┌─ Records shown

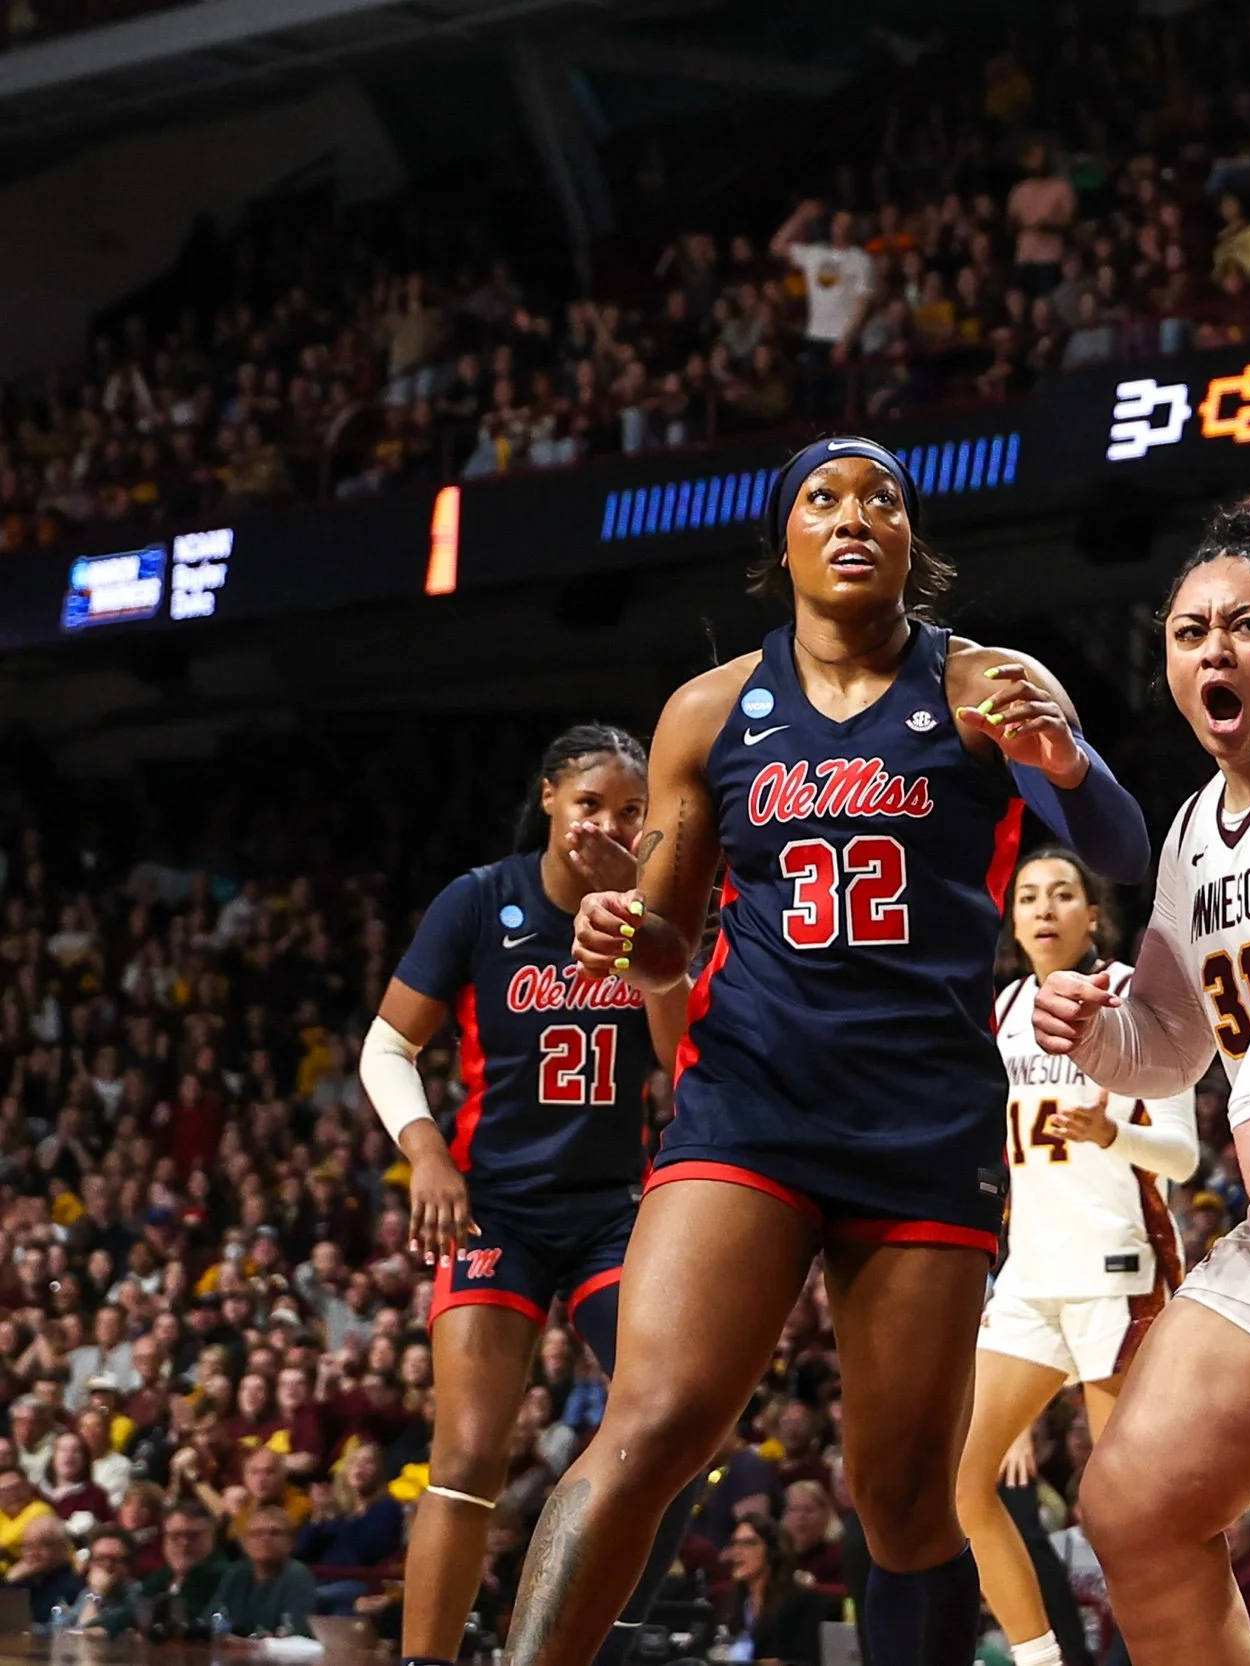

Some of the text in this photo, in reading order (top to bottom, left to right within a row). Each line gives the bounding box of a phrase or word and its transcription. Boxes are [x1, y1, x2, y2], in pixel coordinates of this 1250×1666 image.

[748, 757, 934, 826] Ole Miss
[779, 835, 909, 949] 32
[507, 965, 566, 1013] Ole
[539, 1024, 618, 1105] 21
[1008, 1098, 1069, 1165] 14

└─

- **What the task requires**: Give back every entry word for word, and drop the pictures as you go.

- **Completed task**:
Some of the text in this photo, in reading order (top to bottom, left to right within a row). Each line gives the bounding box of a phrase or word and its transcription. Boxes are [x1, y1, x2, y2], in pixel coordinates of this 1250×1666 image.

[748, 757, 934, 826] Ole Miss
[779, 835, 909, 949] 32
[507, 965, 566, 1013] Ole
[539, 1024, 618, 1105] 21
[1008, 1098, 1069, 1165] 14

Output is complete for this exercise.